══ Record extracts ══

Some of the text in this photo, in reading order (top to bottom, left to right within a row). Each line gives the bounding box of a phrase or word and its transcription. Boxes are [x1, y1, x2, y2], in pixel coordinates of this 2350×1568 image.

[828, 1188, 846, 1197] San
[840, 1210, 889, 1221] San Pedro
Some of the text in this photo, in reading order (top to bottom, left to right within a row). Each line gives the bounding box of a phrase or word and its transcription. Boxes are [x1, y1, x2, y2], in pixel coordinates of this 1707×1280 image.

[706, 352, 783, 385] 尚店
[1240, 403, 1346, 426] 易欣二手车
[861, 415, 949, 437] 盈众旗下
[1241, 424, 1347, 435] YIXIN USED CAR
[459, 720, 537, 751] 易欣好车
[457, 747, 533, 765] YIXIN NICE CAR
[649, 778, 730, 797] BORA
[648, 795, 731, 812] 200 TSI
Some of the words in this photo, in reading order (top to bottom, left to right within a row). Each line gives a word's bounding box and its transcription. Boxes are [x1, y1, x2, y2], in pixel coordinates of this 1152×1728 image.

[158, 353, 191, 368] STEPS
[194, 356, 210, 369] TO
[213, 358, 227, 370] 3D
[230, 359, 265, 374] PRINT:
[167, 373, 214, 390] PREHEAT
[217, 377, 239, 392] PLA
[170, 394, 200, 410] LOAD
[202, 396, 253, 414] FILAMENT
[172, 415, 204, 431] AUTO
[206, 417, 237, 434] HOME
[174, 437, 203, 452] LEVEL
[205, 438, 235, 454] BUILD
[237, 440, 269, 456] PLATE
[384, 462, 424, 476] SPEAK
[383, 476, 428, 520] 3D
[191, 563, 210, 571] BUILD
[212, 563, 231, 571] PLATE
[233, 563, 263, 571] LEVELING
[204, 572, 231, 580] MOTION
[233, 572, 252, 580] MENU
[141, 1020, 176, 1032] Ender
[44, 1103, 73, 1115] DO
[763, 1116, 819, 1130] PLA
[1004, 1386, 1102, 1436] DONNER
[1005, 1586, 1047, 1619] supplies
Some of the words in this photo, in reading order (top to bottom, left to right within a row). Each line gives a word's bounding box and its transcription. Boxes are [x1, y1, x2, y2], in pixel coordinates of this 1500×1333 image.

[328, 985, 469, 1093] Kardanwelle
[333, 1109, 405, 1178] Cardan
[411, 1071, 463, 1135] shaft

═══

§ What to do: Retype exactly the lines from the one containing "this 1500×1333 image." through the end of the data. Add nothing.

§ Your solution:
Some of the words in this photo, in reading order (top to bottom, left to right within a row). Each line gives a word's bounding box and its transcription. Boxes are [x1, y1, x2, y2], in pixel coordinates of this 1500×1333 image.

[328, 985, 469, 1093] Kardanwelle
[333, 1109, 405, 1178] Cardan
[411, 1071, 463, 1135] shaft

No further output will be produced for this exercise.